April 20th, 2004

Advertisers Reject Consumer Group's Claim That More Regulation is Needed

By Marla Matzer Rose
Hollywood Reporter

Call it Survivor: The Backlash. As advertisers and television networks clamor to find new business models based on such concepts as “branded entertainment” and “product integration,” some consumer watchdogs are crying foul and asking the FCC and the Federal Trade Commission to investigate the practice of integrating products into TV shows and require more stringent disclosure standards.

Just as heightened scrutiny of indecency standards followed the Janet Jackson breast-baring incident during the Super Bowl halftime show, increased attention toward product placement on TV follows a wave of reality shows that have broken new ground in sponsorship _ or at least ground that has not been plowed since the early days of the medium, when sponsors had prominent plugs within shows in exchange for funding them.

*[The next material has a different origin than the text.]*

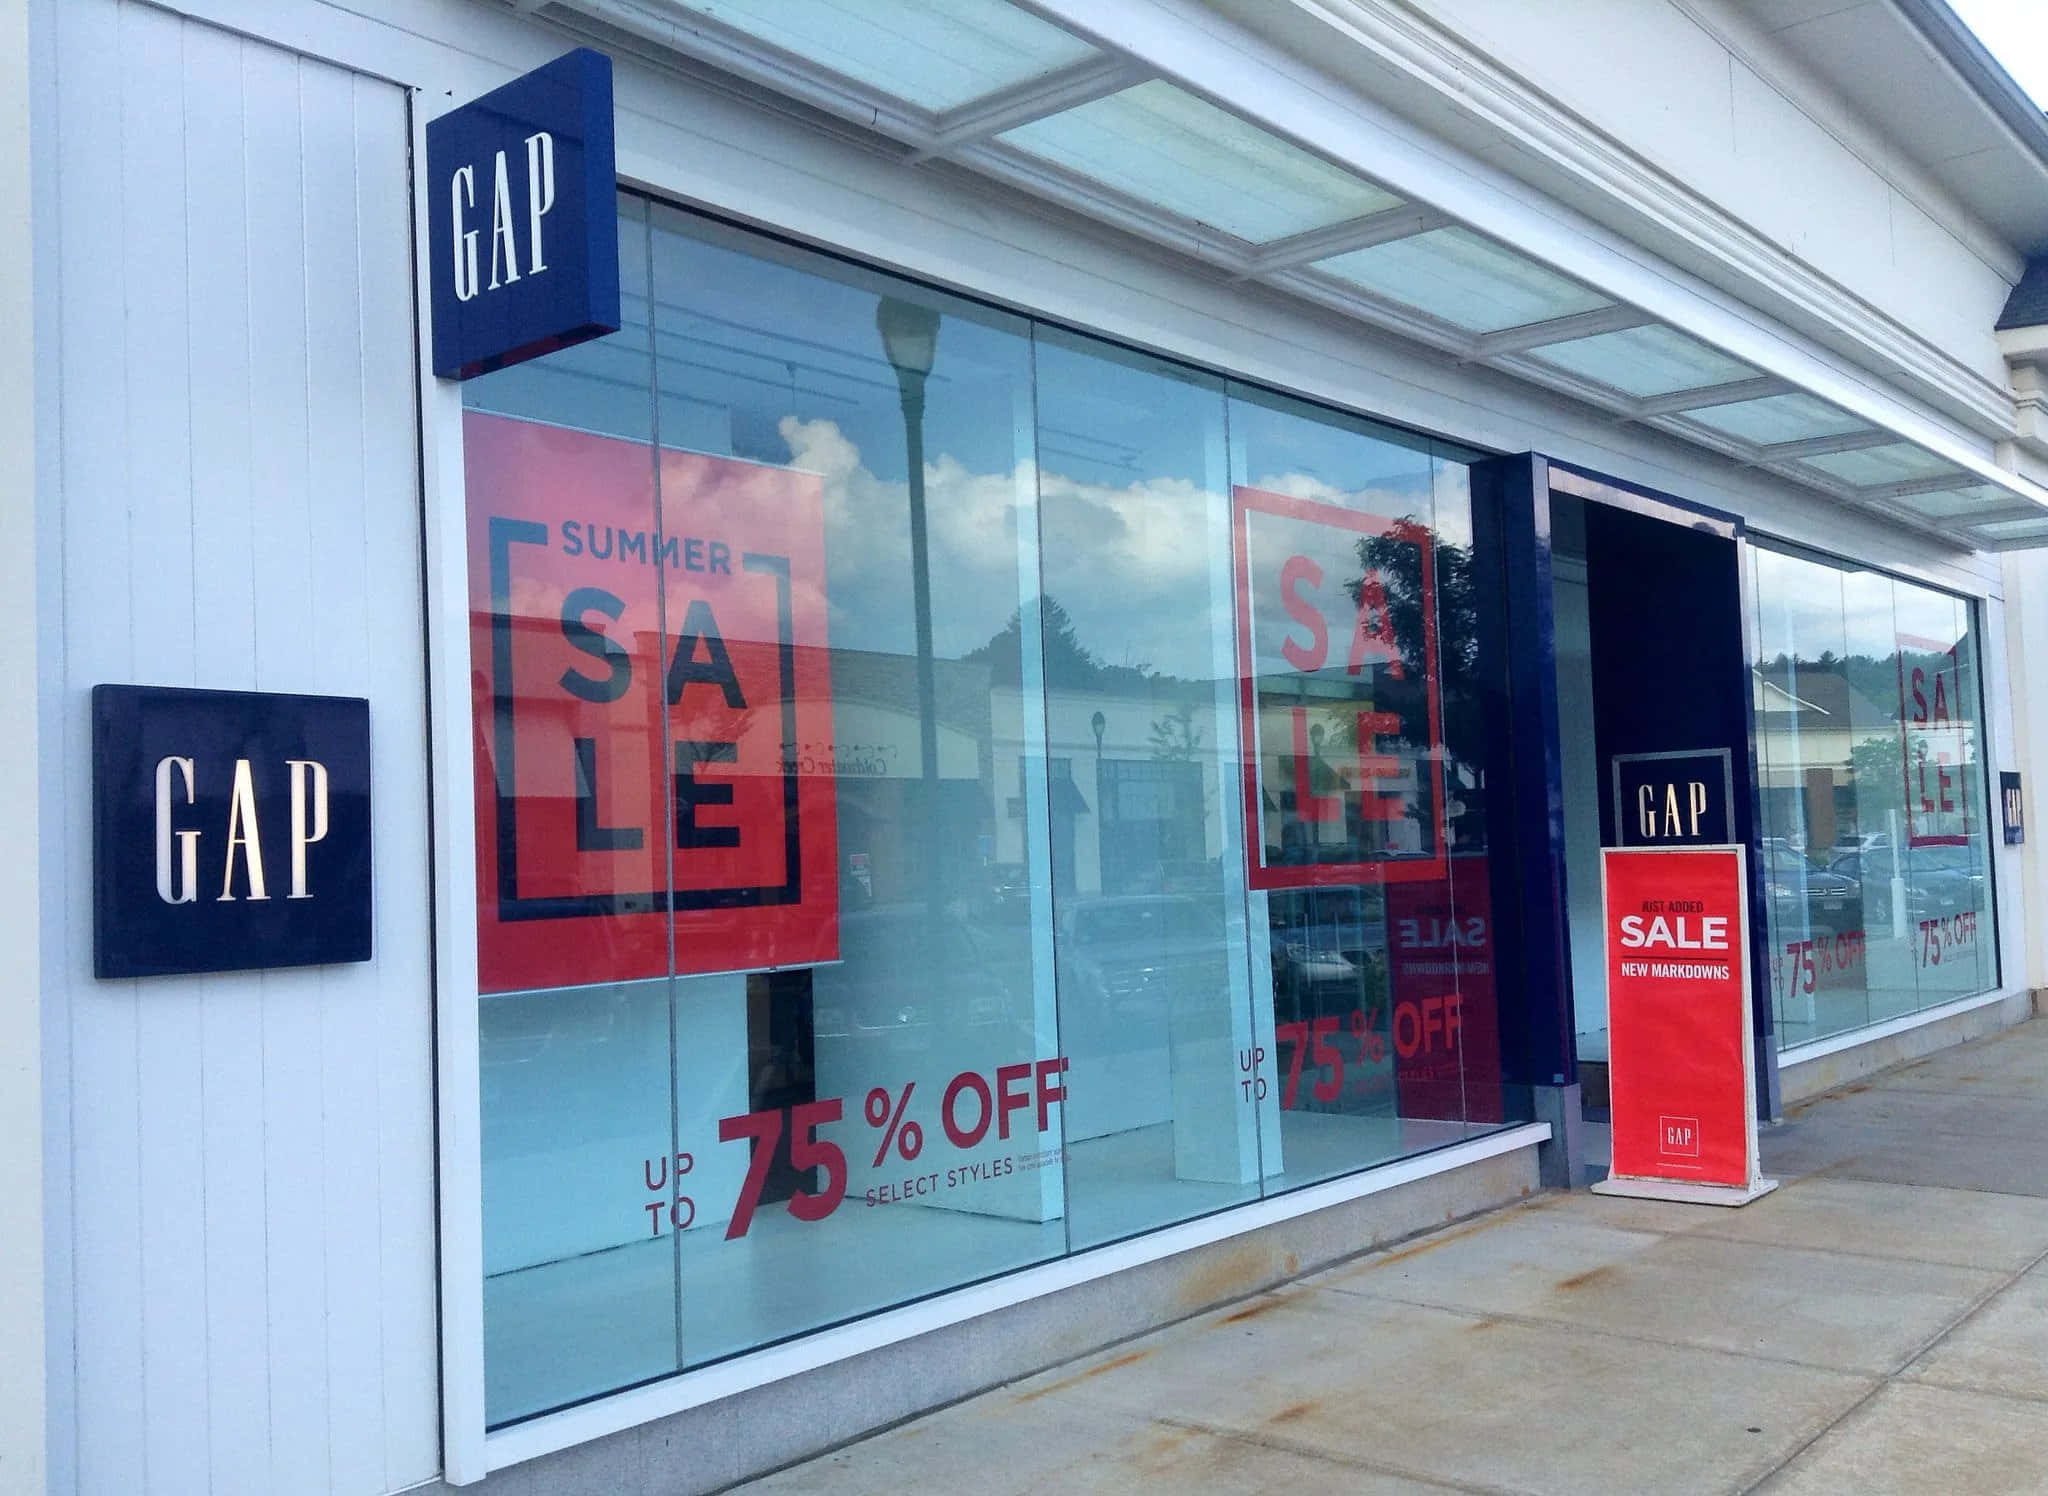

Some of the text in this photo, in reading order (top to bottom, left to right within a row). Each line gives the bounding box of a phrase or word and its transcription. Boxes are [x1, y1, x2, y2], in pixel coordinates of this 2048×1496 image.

Commercial Alert, an organization co-founded by Ralph Nader, sent letters to the FCC and FTC at the end of September making a case for what the group claims is a need for greater scrutiny and regulation of product placement on television.

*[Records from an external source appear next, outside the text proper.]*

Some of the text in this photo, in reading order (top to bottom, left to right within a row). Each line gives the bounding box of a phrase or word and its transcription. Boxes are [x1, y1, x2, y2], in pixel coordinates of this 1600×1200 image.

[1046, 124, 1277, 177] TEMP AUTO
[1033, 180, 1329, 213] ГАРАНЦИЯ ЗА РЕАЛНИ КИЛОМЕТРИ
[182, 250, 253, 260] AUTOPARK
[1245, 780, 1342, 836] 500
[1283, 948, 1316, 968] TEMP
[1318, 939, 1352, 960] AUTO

“If you look at what’s happening in these shows to the extent that product placement is being disclosed, it’s disclosed at the very end of the show. So a lot of people don’t even see it or can’t link it to what the placement actually was,” Commercial Alert spokesman Gary Ruskin said. “Television is becoming an infomercial media.”

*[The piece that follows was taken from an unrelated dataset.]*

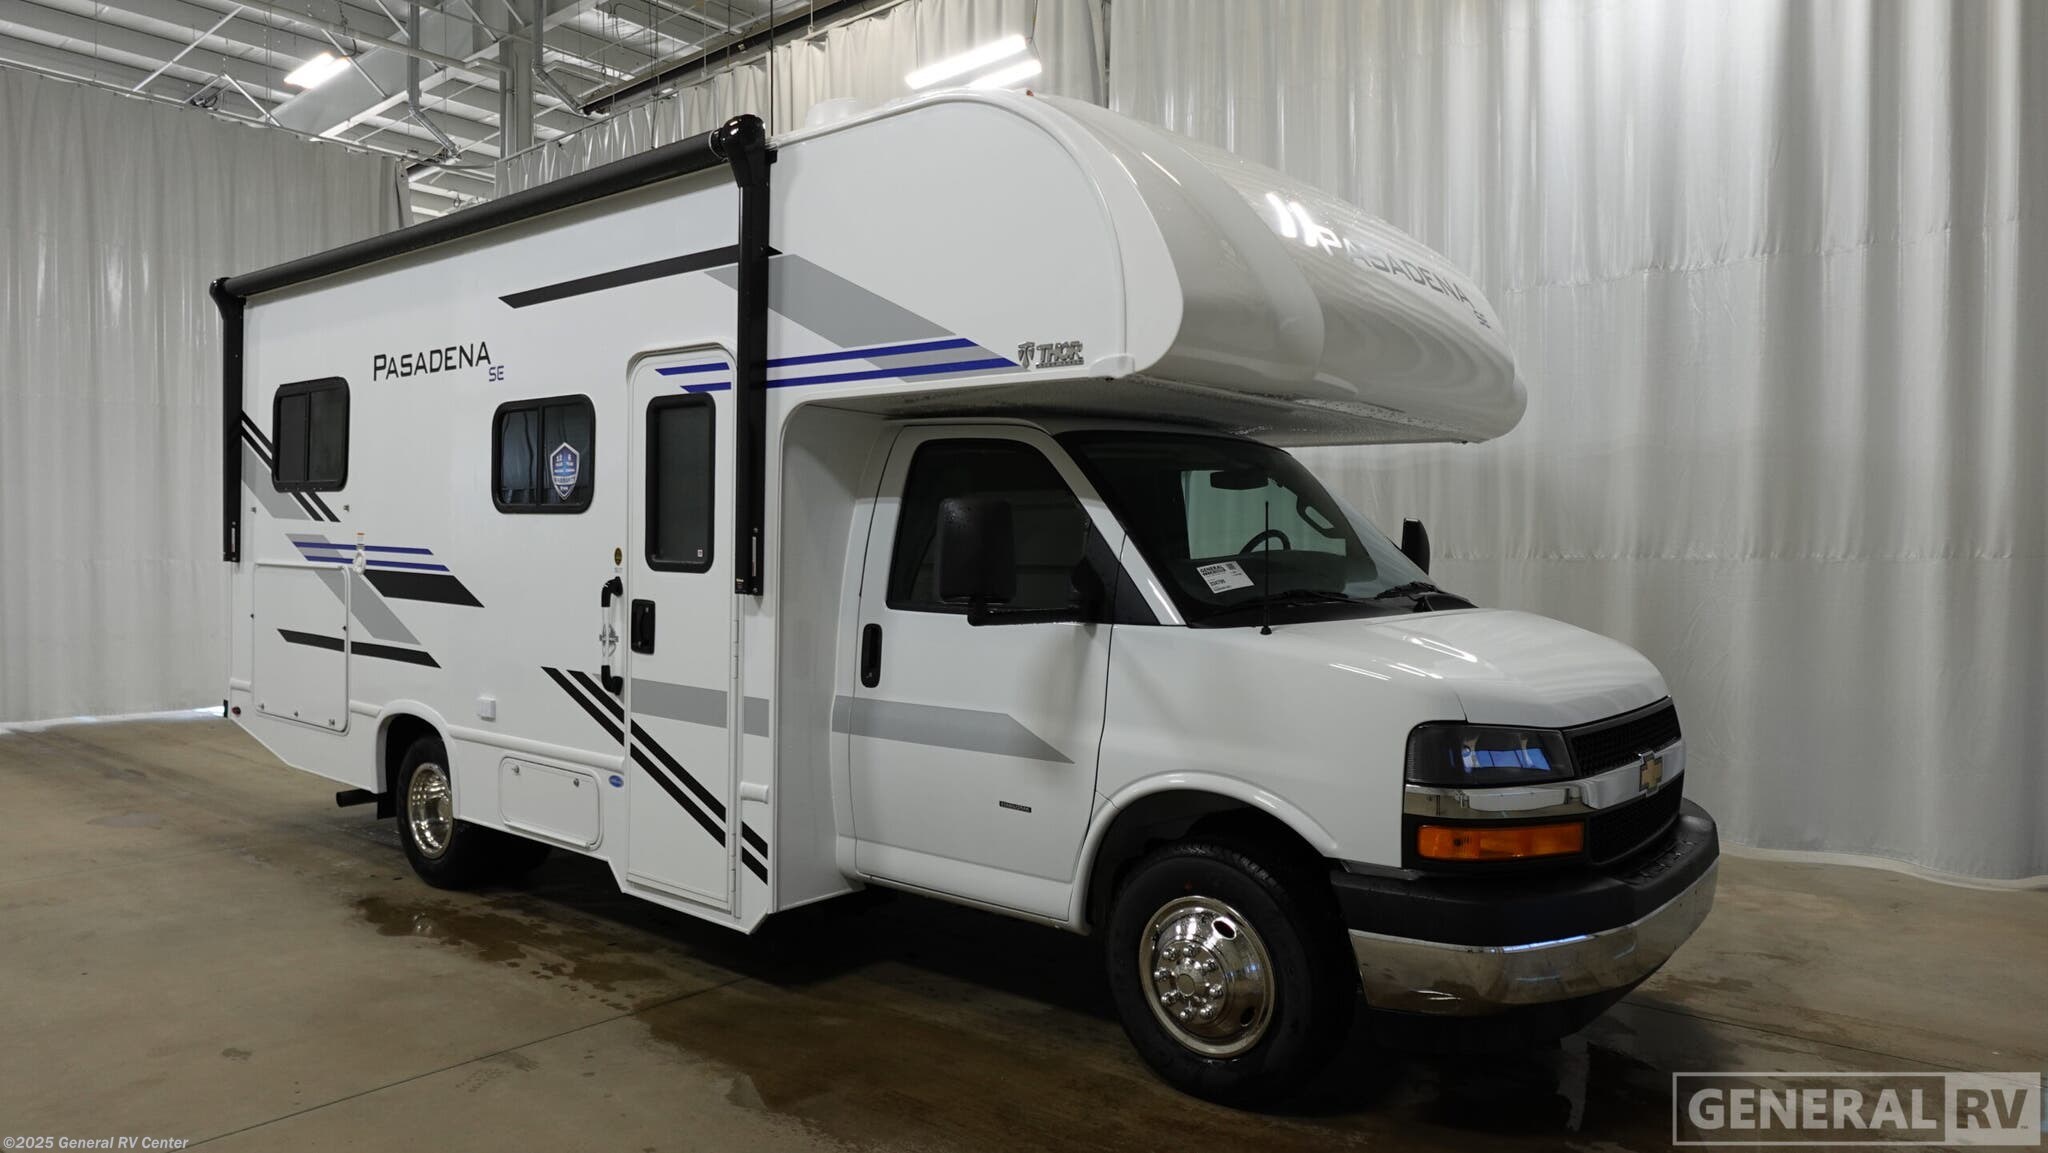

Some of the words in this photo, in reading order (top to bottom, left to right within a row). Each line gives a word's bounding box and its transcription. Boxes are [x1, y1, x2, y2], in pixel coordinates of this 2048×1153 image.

Ruskin says his group is asking for two things: disclosure of such deals at the beginning of a program rather than at the end, and the superimposition of a notice onscreen at the time the product placement occurs. Ruskin said he would like to see these requirements applied to any instance in which money or goods were given to a production, a standard that tends to make those opposed to Commercial Alert’s viewpoint roll their eyes in exasperation.

“I’m not sure I understand where the terrible wrong is that needs to be righted,” said a spokesman for the Washington Legal Foundation, a public-interest law firm that filed comments with the FTC and FCC countering Commercial Alert’s stance.

The WLF’s comments, sent to the regulatory bodies March 26, argue that Commercial Alert’s “highly restrictive” proposed rules are not necessary and say the group “identifies no substantial harm from product placement. “ In fact, the WLF petitioners argue that product placement has been an integral part of television since its inception.

“Where oh where is the injury from Simon Cowell, Paula Abdul and Randy Jackson of ‘American Idol’ having cups of Coca-Cola in front of them?” the WLF asks. “And when Regis Philbin of ‘Who Wants to Be a Millionaire’ precedes a phone call by saying, ‘Let’s go to our friends at AT&T,’ surely it is understood that Philbin is not literally friends with AT&T.”

Bob Liodice, president and CEO of the Association of National Advertisers, says the members of his trade group feel that Commercial Alert’s concerns are unfounded, given the fact that the FCC already requires disclosure of product placement.

“I’m guessing they’re arguing that people are getting exploited by this.  But how?” Liodice said. “I think branded entertainment in its broadest sense is one of the key opportunities for advertisers. If you look at what had been happening in the world of advertising, people have been running away from advertising. So I think you’re just going to see a proliferation of it.”

At the same time, Liodice says the ANA’s members are sensitive to marketing to children and take steps to self-police that. Representatives from production companies and agencies dealing in corporate representation declined to be quoted but said they believe that current methods of regulation from within the industry and from the government are being followed closely and are sufficient to address any issues of public interest. The industry as a whole seems largely confident that Consumer Alert will not be successful in getting the government to implement what they say are ridiculously onerous standards.

Ruskin insists, however, that marketing has become an insidious force of harm in numerous areas of society, particularly when it comes to children. “American children are suffering from an epidemic of marketing-related diseases _ obesity, Type II diabetes alcoholism,” Ruskin said. “Millions of kids are going to die from the marketing of tobacco.”

The activist believes that his group stands a good chance of winning its argument.  He said Commercial Alert successfully argued and won “a very similar” case a couple of years back related to disclosing imbedded ads in Internet search engine results.

But “this is more complicated,” he said of the crusade against TV product placement.